L'intervallo
Una storia di adolescenti dove gli adulti non ci sono o sono al di fuori, avvertiti come minaccia o come portatori di regole e consuetudini da rispettare.
La storia di Salvatore e Veronica, i quali, con le fattezze degli esordienti Alessio Gallo e Francesca Riso, vediamo fin dall’incipit rinchiusi in un enorme, fatiscente edificio abbandonato di un quartiere popolare, dove il primo, obbligato dal capoclan di zona, deve sorvegliare la seconda.
Una storia che Leonardo Di Costanzo, proveniente dai documentari e qui alle prese con il suo primo lungometraggio di finzione, racconta lasciando emergere i profili di due giovanissimi entrambi troppo cresciuti; con lei propensa a comportarsi da donna matura e spregiudicata e lui da ometto che deve badare al lavoro e alla tranquillità.

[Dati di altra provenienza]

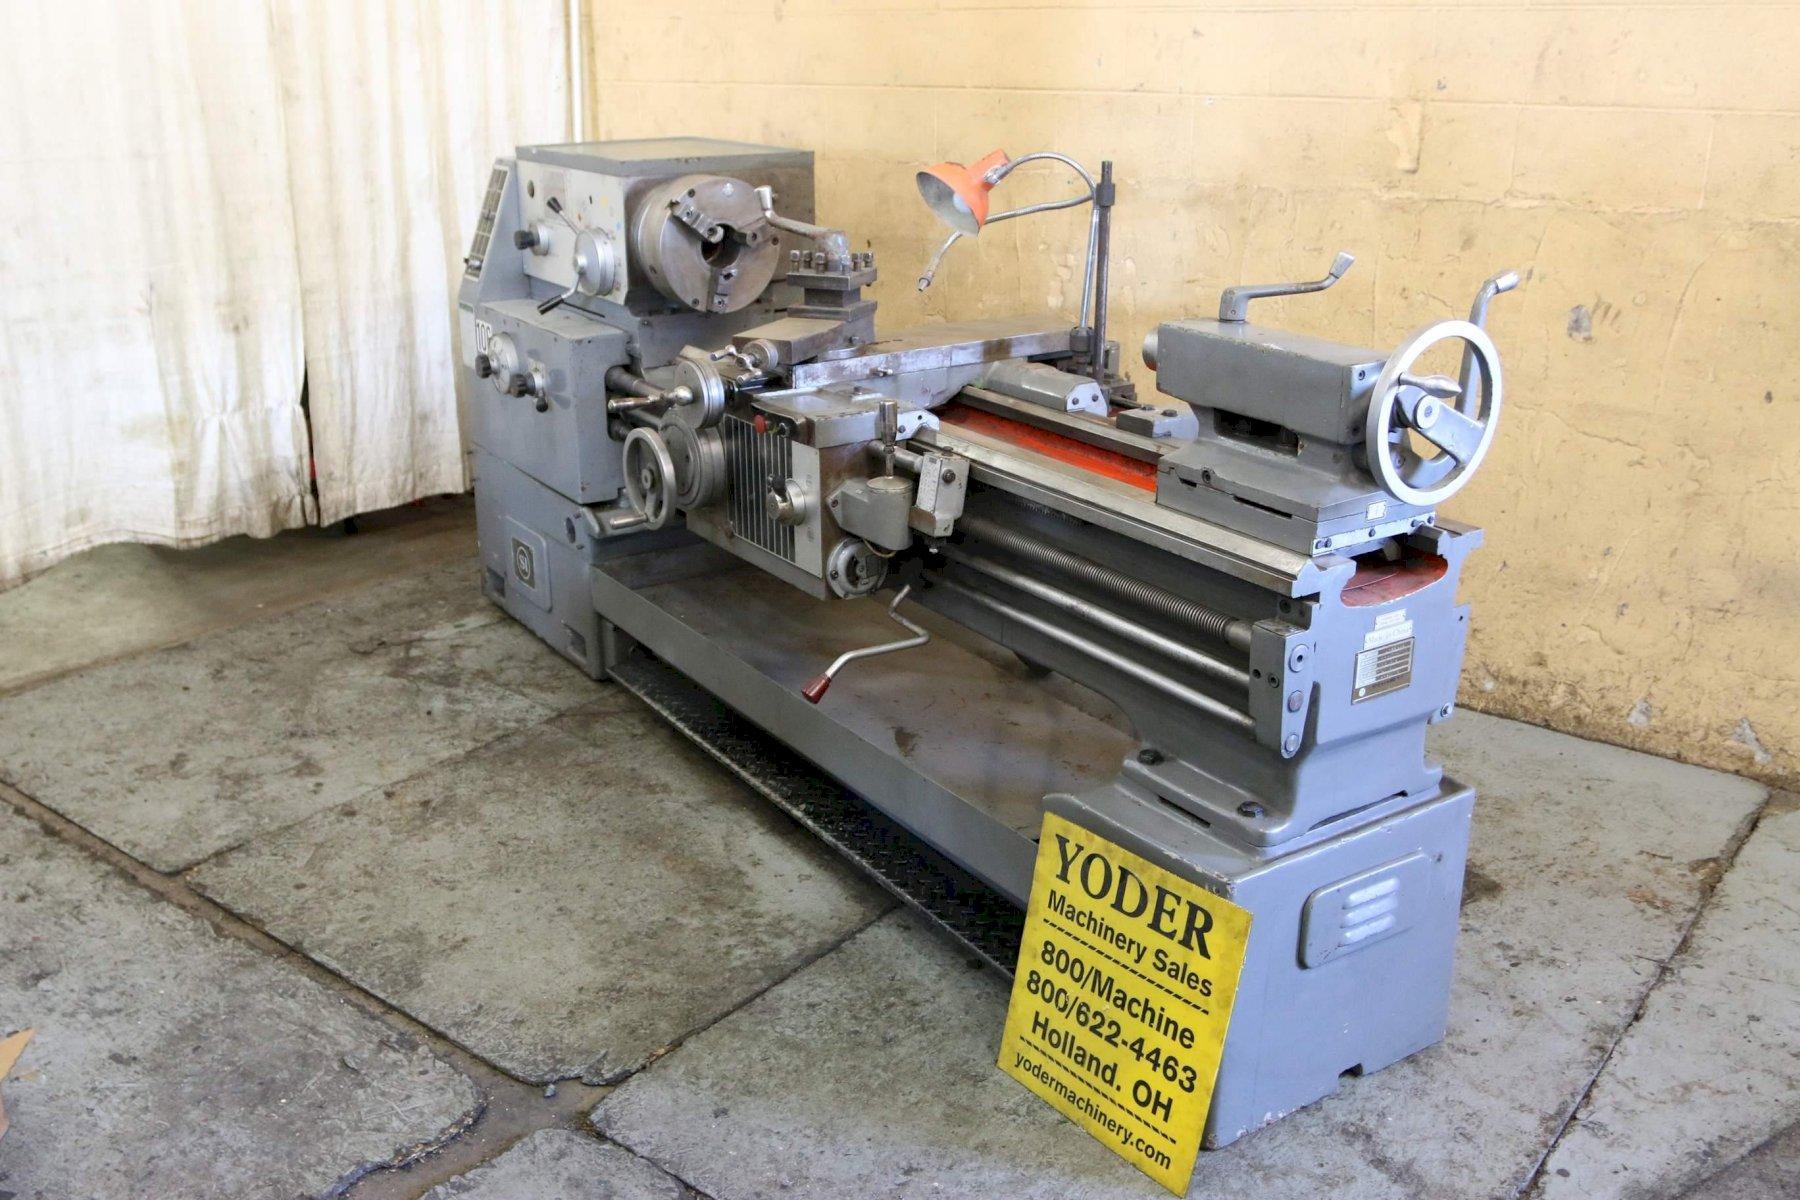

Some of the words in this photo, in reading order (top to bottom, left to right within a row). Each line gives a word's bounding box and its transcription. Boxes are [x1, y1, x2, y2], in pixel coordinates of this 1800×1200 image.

[1048, 889, 1147, 964] Machinery
[1153, 949, 1213, 998] Sales
[1055, 833, 1213, 960] YODER
[1027, 970, 1198, 1094] 800/622-4463
[1041, 940, 1195, 1049] 800/Machine
[1014, 1051, 1172, 1170] yodermachinery.com
[1132, 1080, 1173, 1124] OH
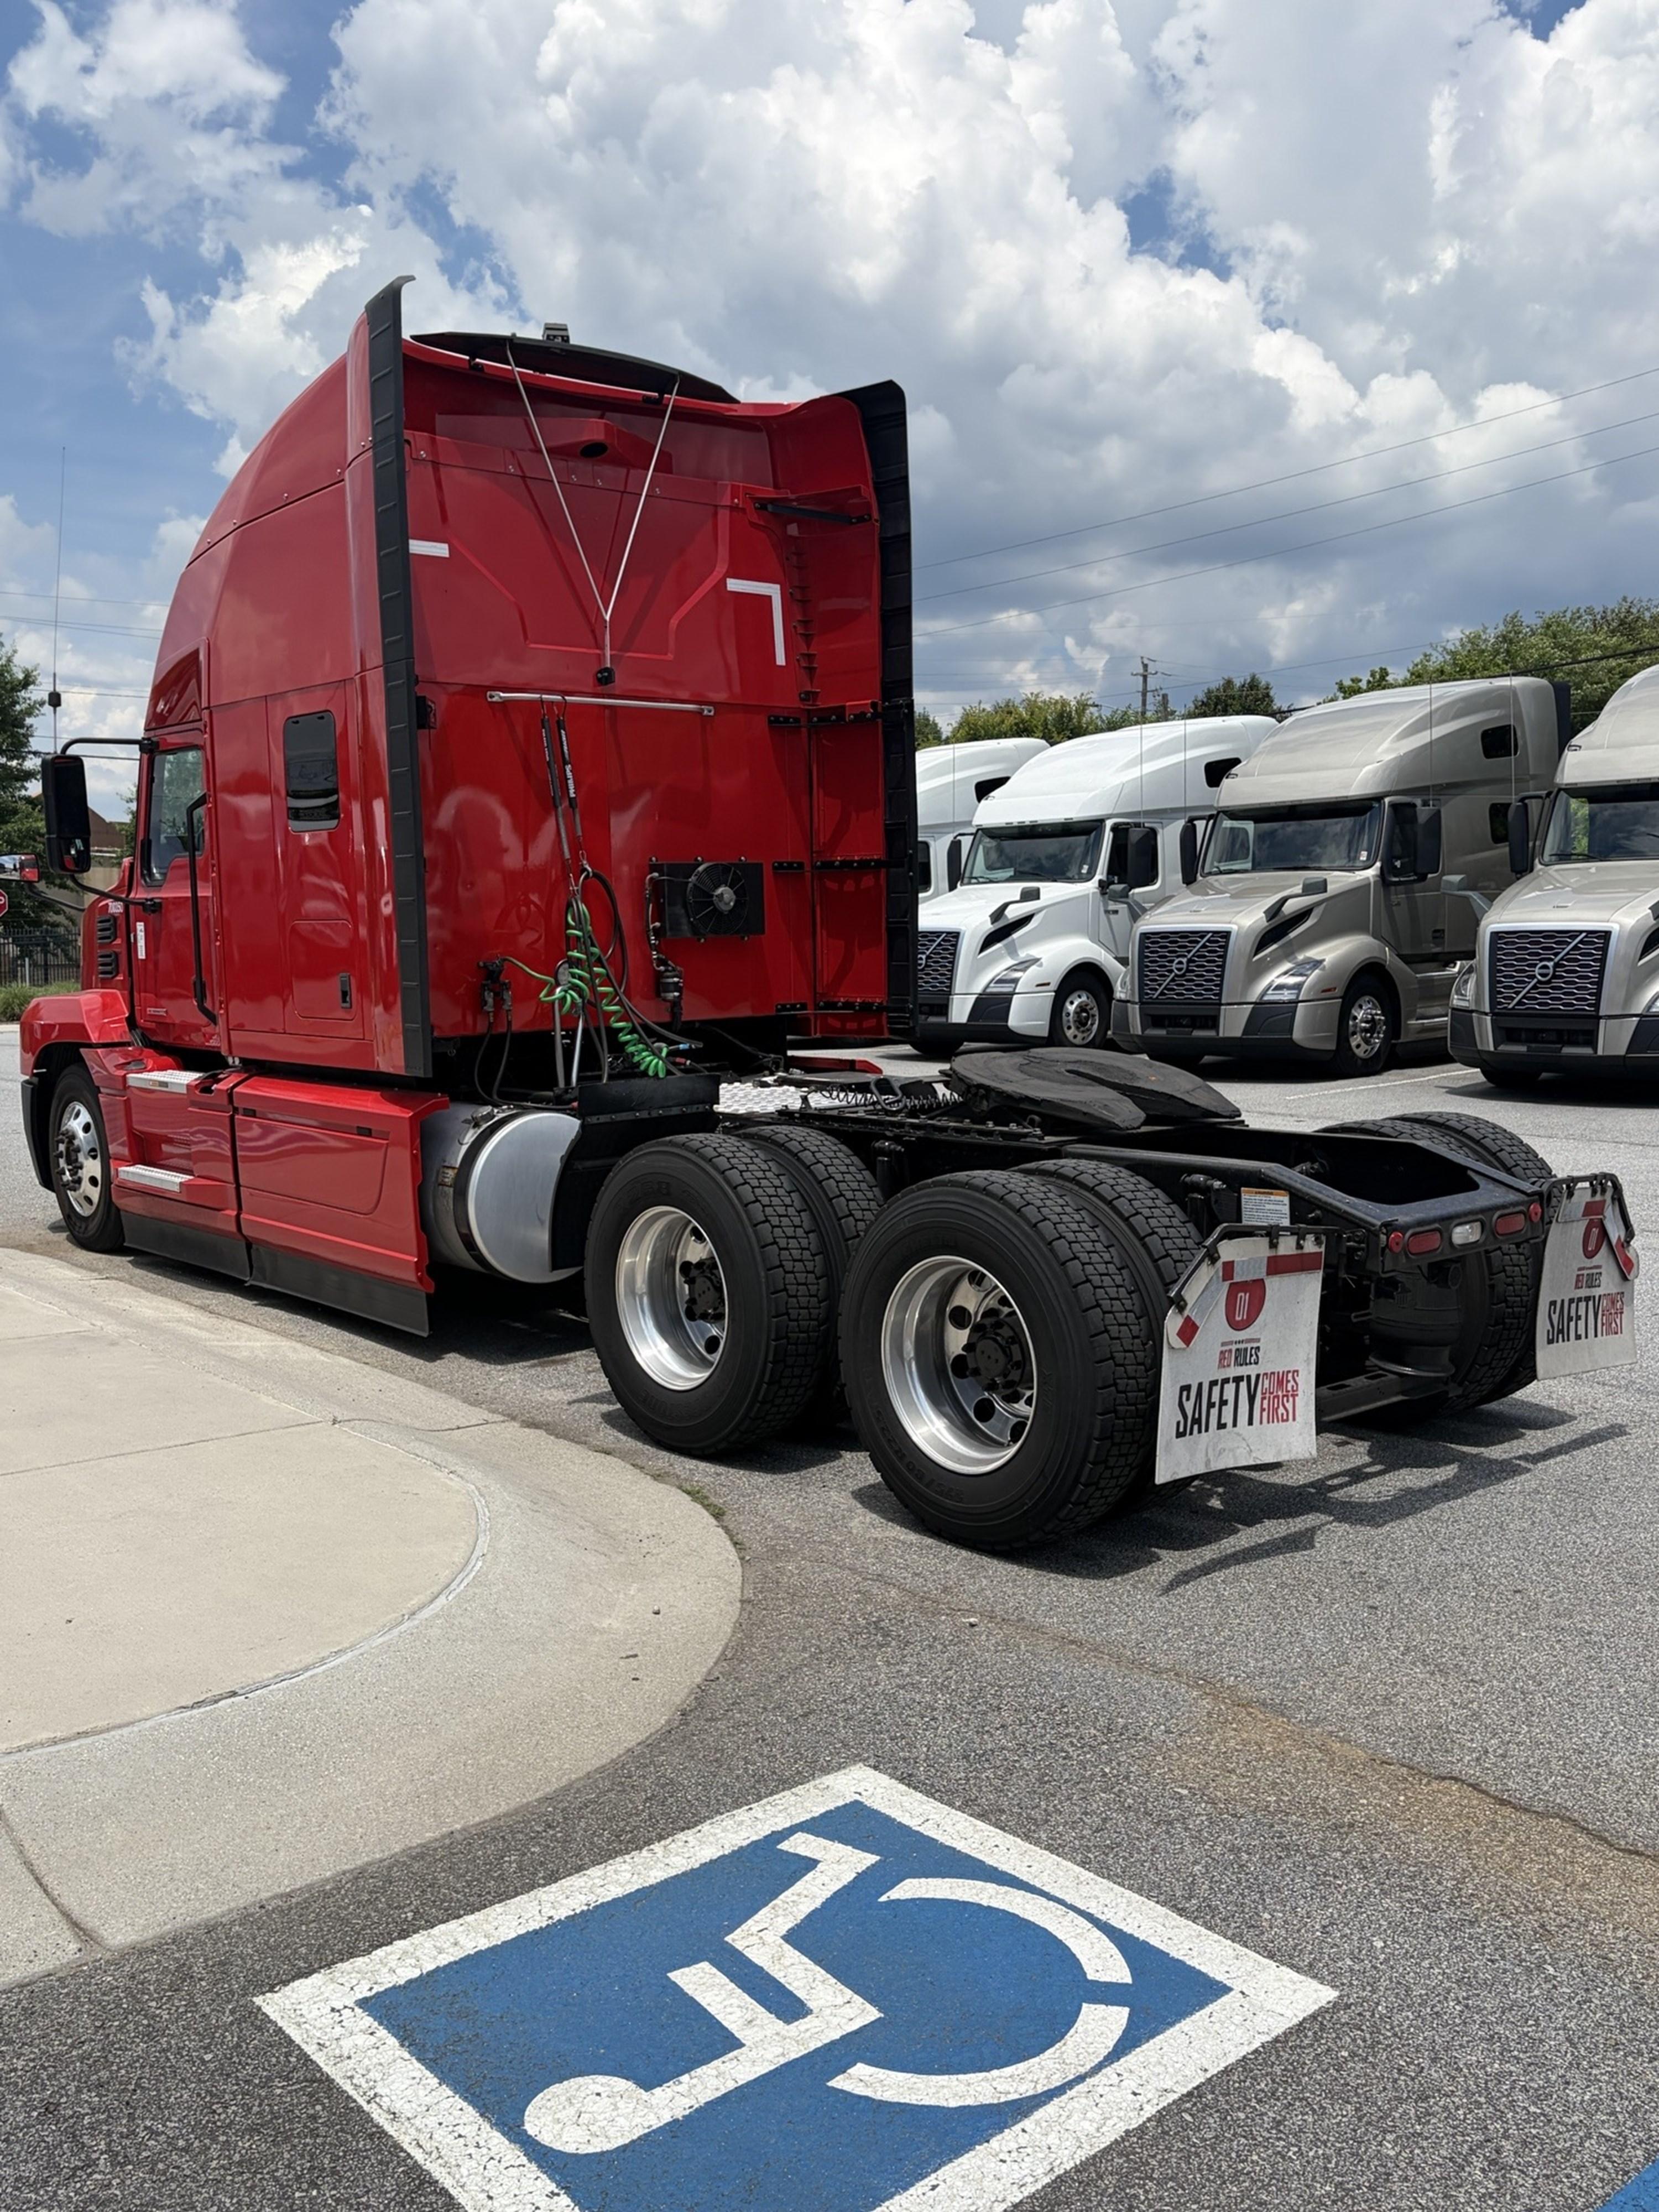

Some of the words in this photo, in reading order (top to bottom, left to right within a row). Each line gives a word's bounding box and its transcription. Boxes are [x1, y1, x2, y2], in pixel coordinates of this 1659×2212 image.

Due giovanissimi che ascoltiamo parlare di spiriti e vediamo giocare di fantasia con il poco che hanno a disposizione nel tragico, violento contesto di reclusione; al quale reagiscono l’una scalpitando e ribellandosi e l’altro, forse per paura, mantenendosi remissivo e accomodante.
Mentre provvedono soltanto i cinguettii fuori campo a disturbare la quiete in cui sono immersi, man mano che la loro ostilità, tra confessioni e scoperte reciproche, si trasforma in una inevitabile intimità.
Non a caso, è proprio l’affascinante ambientazione a rientrare tra i maggiori punti di forza dei circa ottantasei minuti di visione interamente costruiti sul lungo dialogo tra i due; quando non abbiamo occasionali interventi da parte dei pochissimi personaggi secondari.
Ottantasei minuti di visione che, inizialmente tutt’altro che distanti dal modo in cui vengono sviluppati determinati spettacoli teatrali, si costruiscono interamente – e in maniera efficace – sull’attesa; risultando sostenuti superbamente dai due protagonisti, che il regista sfrutta a dovere riuscendo a evitare di far cadere l’insieme dalle parti di quello che sarebbe potuto apparire come l’ennesimo cortometraggio forzatamente dilatato a lungo.
Senza dimenticare il prezioso apporto della fotografia a cura dell’infallibile Luca Bigazzi, il quale, girando con macchina a spalla e senza luci aggiuntive, a esclusione di qualche necessario rinforzo nelle notturne, finisce per accentuare il realismo della situazione raccontata.
La frase:
"- Ma la terza media l’hai fatta?" - "Come no, due volte".